Rigo, nascido Ricardo Gouveia, é pintor, muralista e artista político nascido na Ilha da Madeira. Emigrou jovem para os Estados Unidos e estudou no San Francisco Art Institute obtendo, em 1991, o BFA e. em 1997, o MFA na Stanford University. Reside em São Francisco, California. É particularmente conhecido na comunidade de São Francisco por ter pintado sinais públicos de “sentído único” em ruas principais da cidade. É um dos fundadores do Colectivo Clarion Alley Mural Project e foi membro activo até 2006. Participou com diversas instalações na Bienal de Liverpool. É considerado por alguns críticos e curadores, pertencente à primeira geração de artistas saídos da San Francisco Mission School. Desde 1984, Rigo utiliza dois dígitos do ano como parte do seu nome, p.ex. “Rigo 23", em 2003.
Este é também o texto que descreve Rigo na Coleção Berardo que tem três obras deste artista madeirense, agora californiano, imagino que seja o texto da Colecção Berardo que tenha sido utilizado na wikipédia.

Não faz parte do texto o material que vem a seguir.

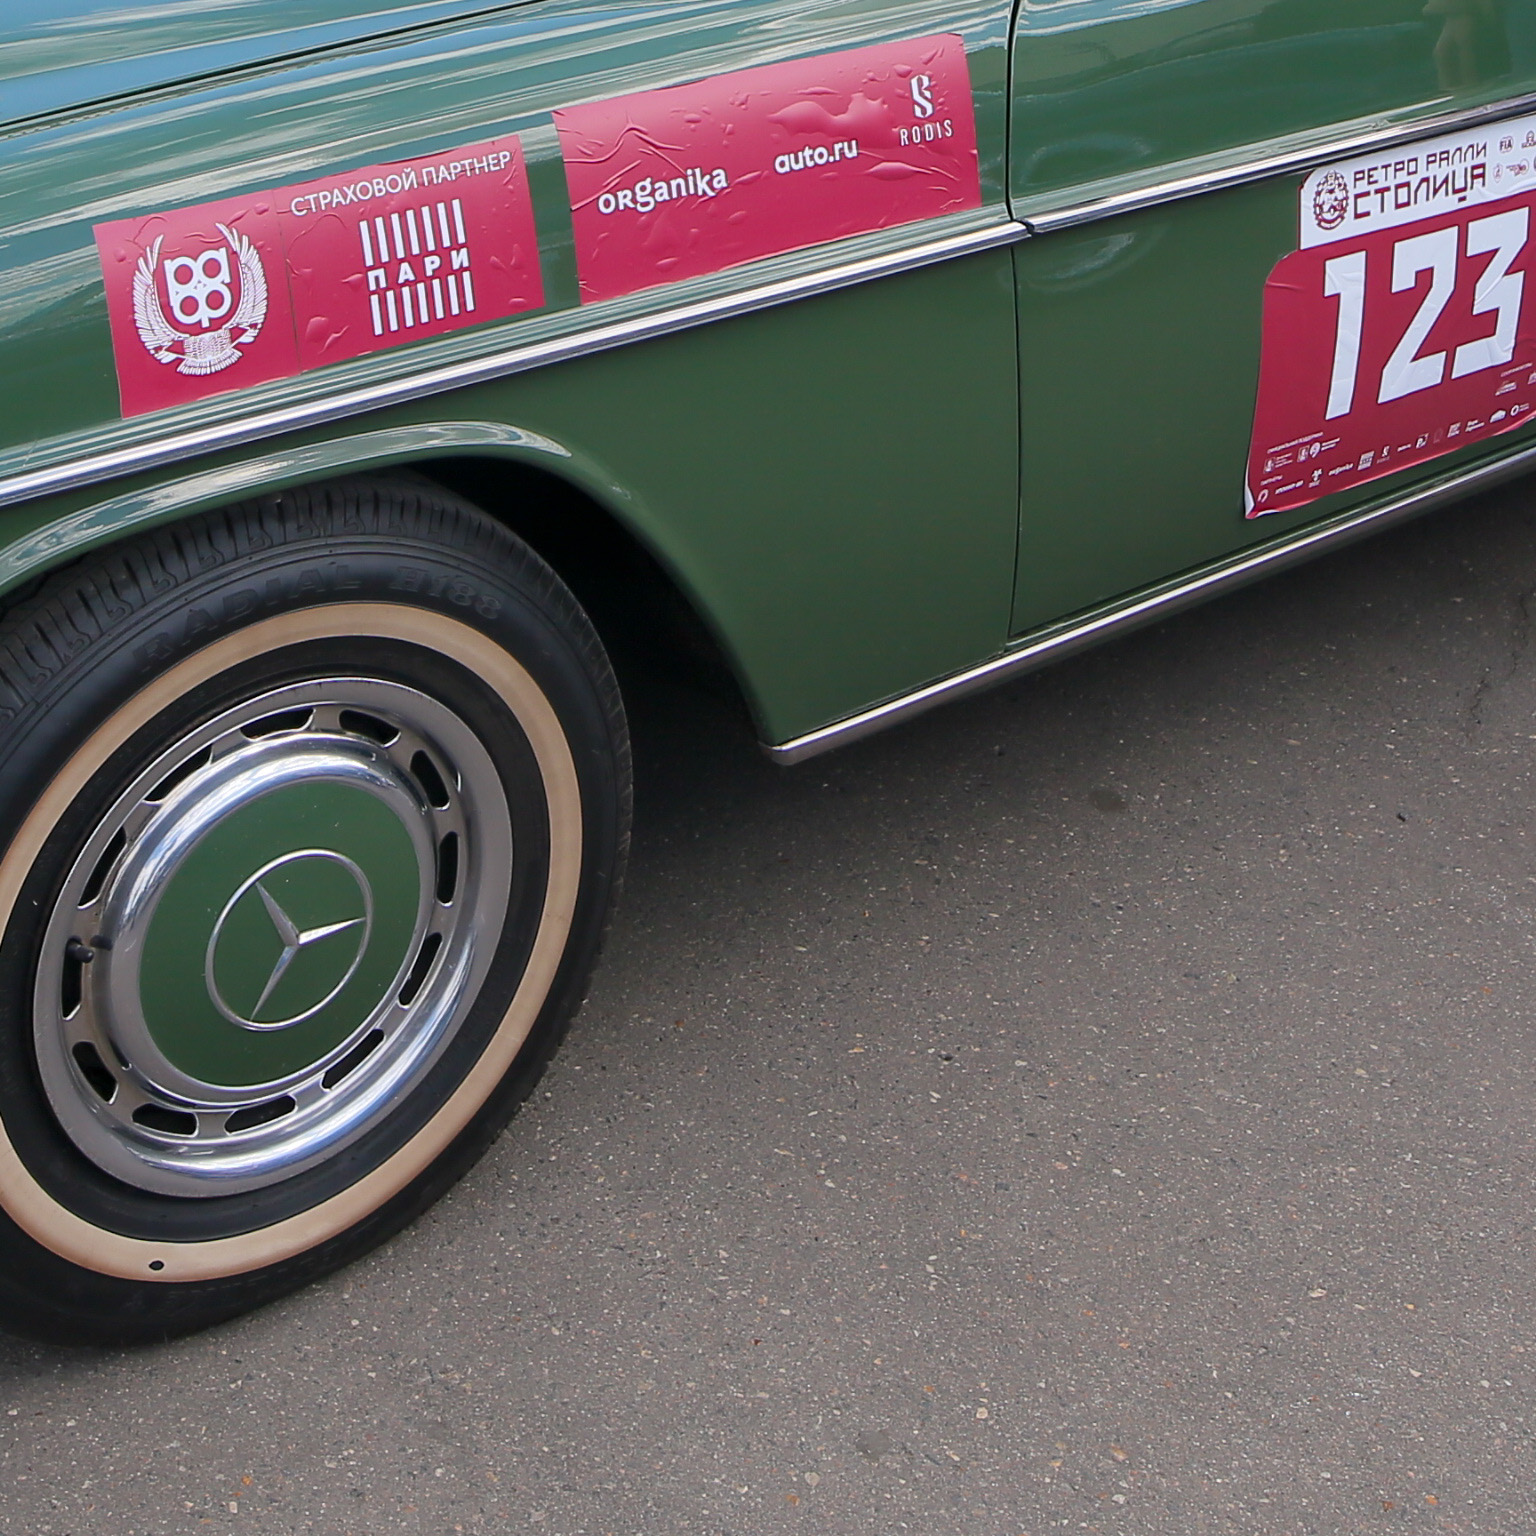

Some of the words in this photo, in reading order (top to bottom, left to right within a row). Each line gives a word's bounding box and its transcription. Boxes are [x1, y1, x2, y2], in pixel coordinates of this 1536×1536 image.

[773, 139, 859, 175] auto.ru
[899, 120, 954, 147] RODIS
[290, 166, 419, 217] СТРАХОВОЙ
[422, 150, 512, 185] ПАРТНЕР
[1353, 157, 1419, 189] РЕТРО
[1425, 141, 1488, 172] РАЛЛИ
[597, 167, 728, 215] organika
[1353, 162, 1486, 220] СТОЛИЦА
[367, 247, 471, 292] ПАРИ
[1323, 206, 1531, 421] 123
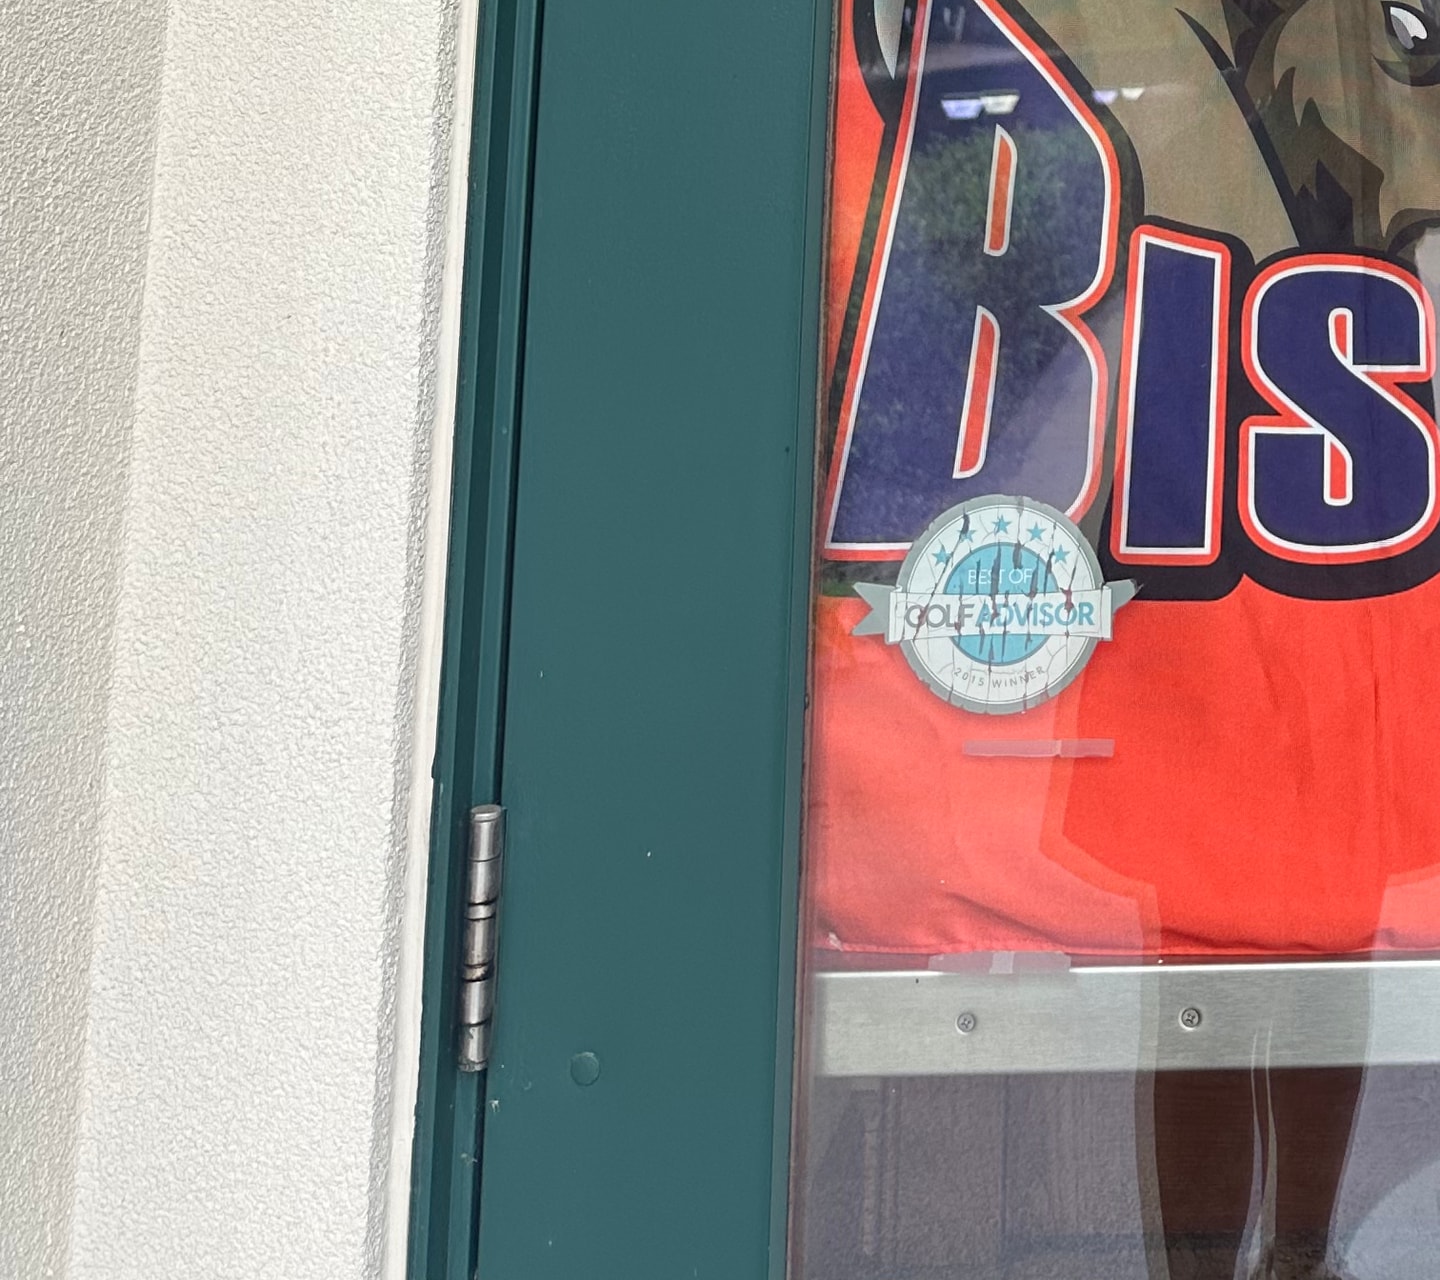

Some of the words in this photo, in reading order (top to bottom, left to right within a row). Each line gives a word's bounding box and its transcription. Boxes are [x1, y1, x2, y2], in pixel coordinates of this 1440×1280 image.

[968, 568, 1005, 585] BEST
[1008, 568, 1033, 584] OF
[953, 667, 984, 687] 2015
[992, 666, 1046, 689] WINNER
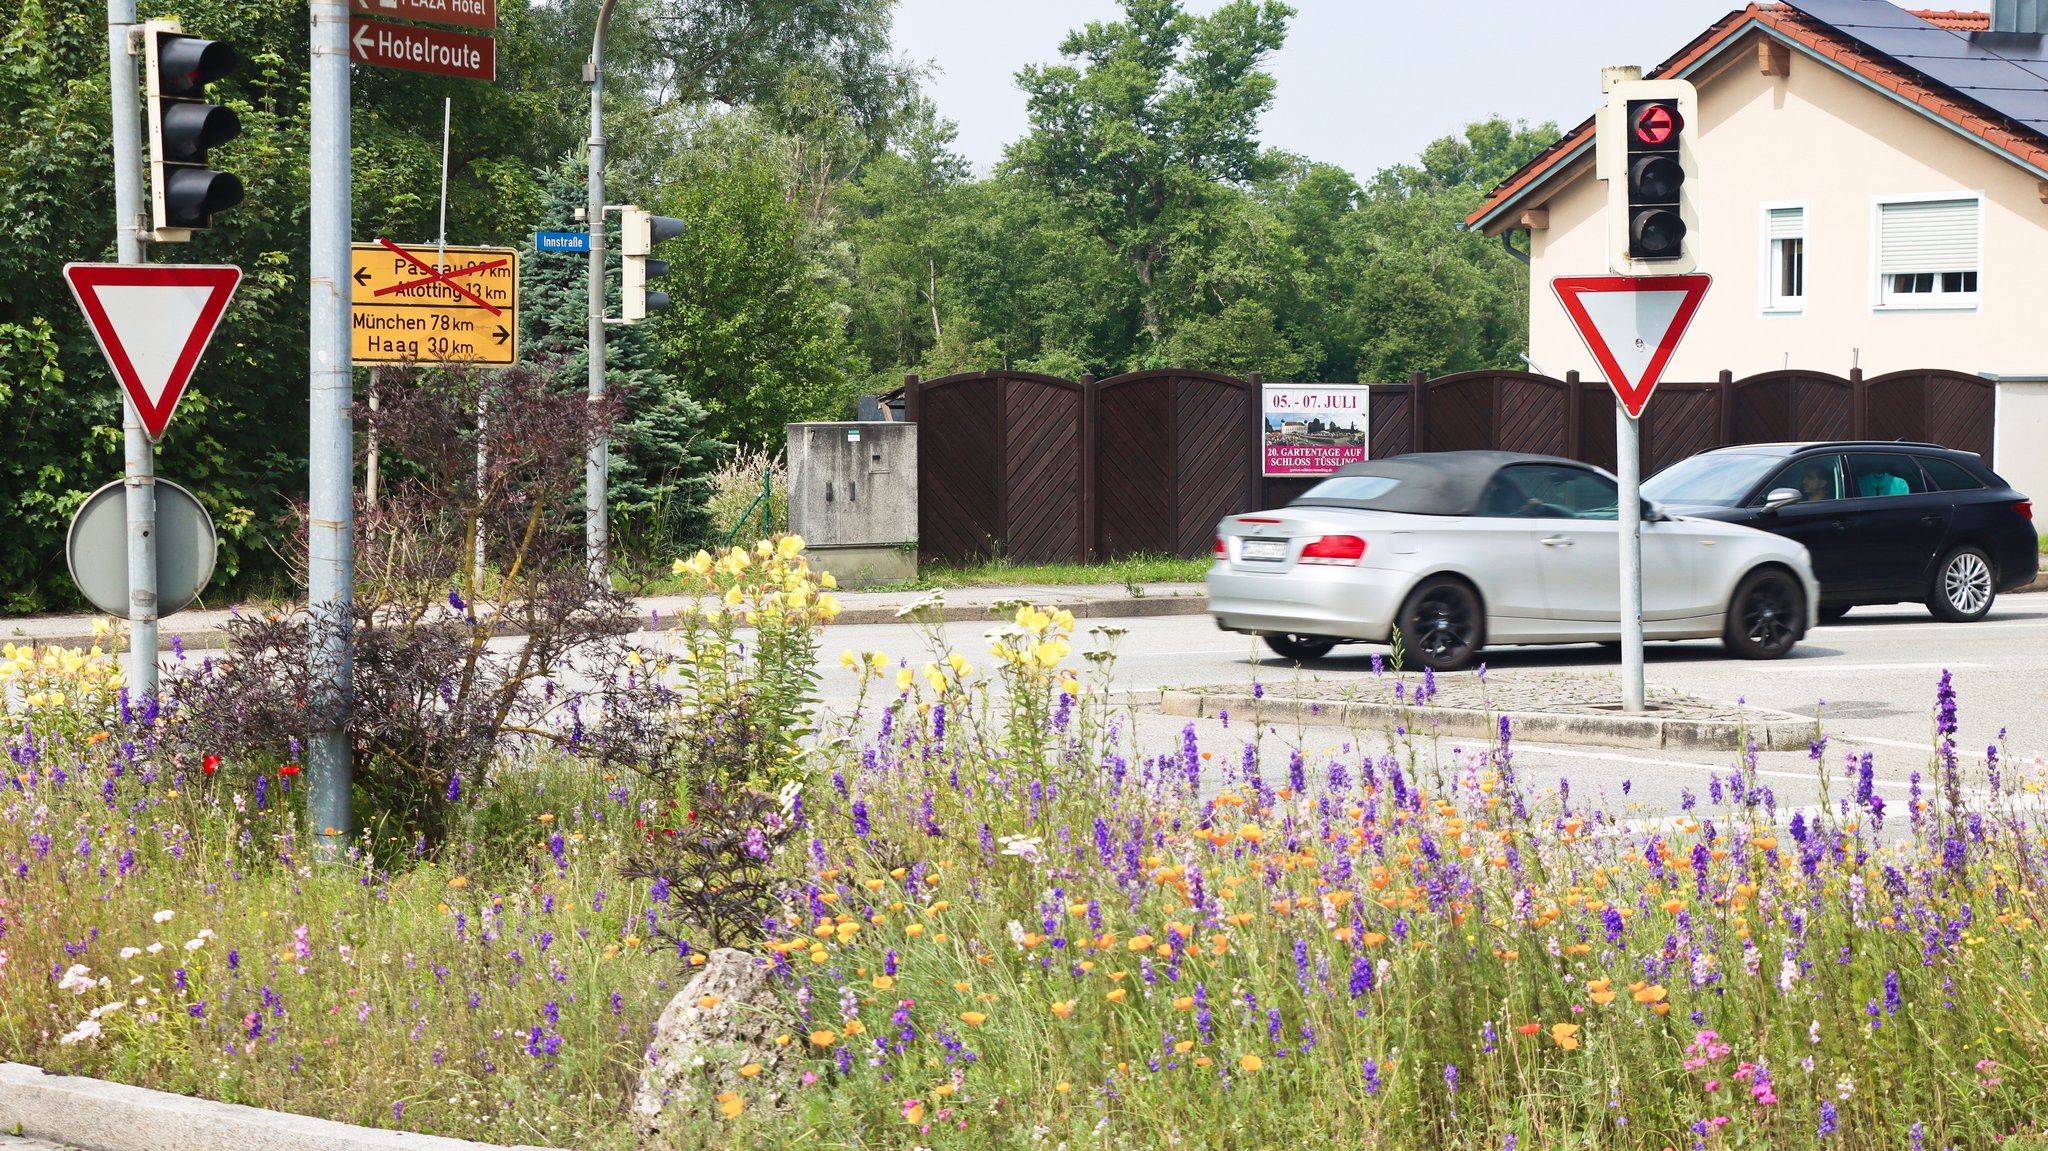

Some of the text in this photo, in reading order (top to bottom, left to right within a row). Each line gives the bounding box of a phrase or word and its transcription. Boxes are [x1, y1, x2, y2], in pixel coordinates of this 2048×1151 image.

Rigo 23, em entrevista: "There are potentially as many roles for art in our society as there are artists. In fact we live in such a pluralist and overstimulated environment that there are even different societies being addressed by different artists. The type of role I see for myself is to remain part of the open and sensitive strands of whichever society I'm mostly engaged with. As artists we argue for the consideration and acknowledgement of cultural phenomena that might otherwise be overlooked. As artists we are communicators, and for me there is no bigger thrill than to communicate with as varied an audience as possible."
Outra biografia, esta do SF MOMA:
"Rigo came to the Bay Area to study art from his native Madeira Island, Portugal. He received his BFA from the San Francisco Art Institute in 1991 and his MFA from Stanford University in 1997. Rigo has been awarded public commissions including murals for the San Francisco International Airport, the Gerbode Foundation, and the San Francisco Arts Commission. He creates images that are direct comments on culture and society. His San Francisco murals One Tree, Innercity/Home, and Sky/Ground have made him a popular spokesperson for urban residents. Rigo was a 1999 SECA Award recipient at the San Francisco Museum of Modern Art, and has shown his work extensively in the Bay Area as well as internationally. He is represented by Gallery Paule Anglim in San Francisco. "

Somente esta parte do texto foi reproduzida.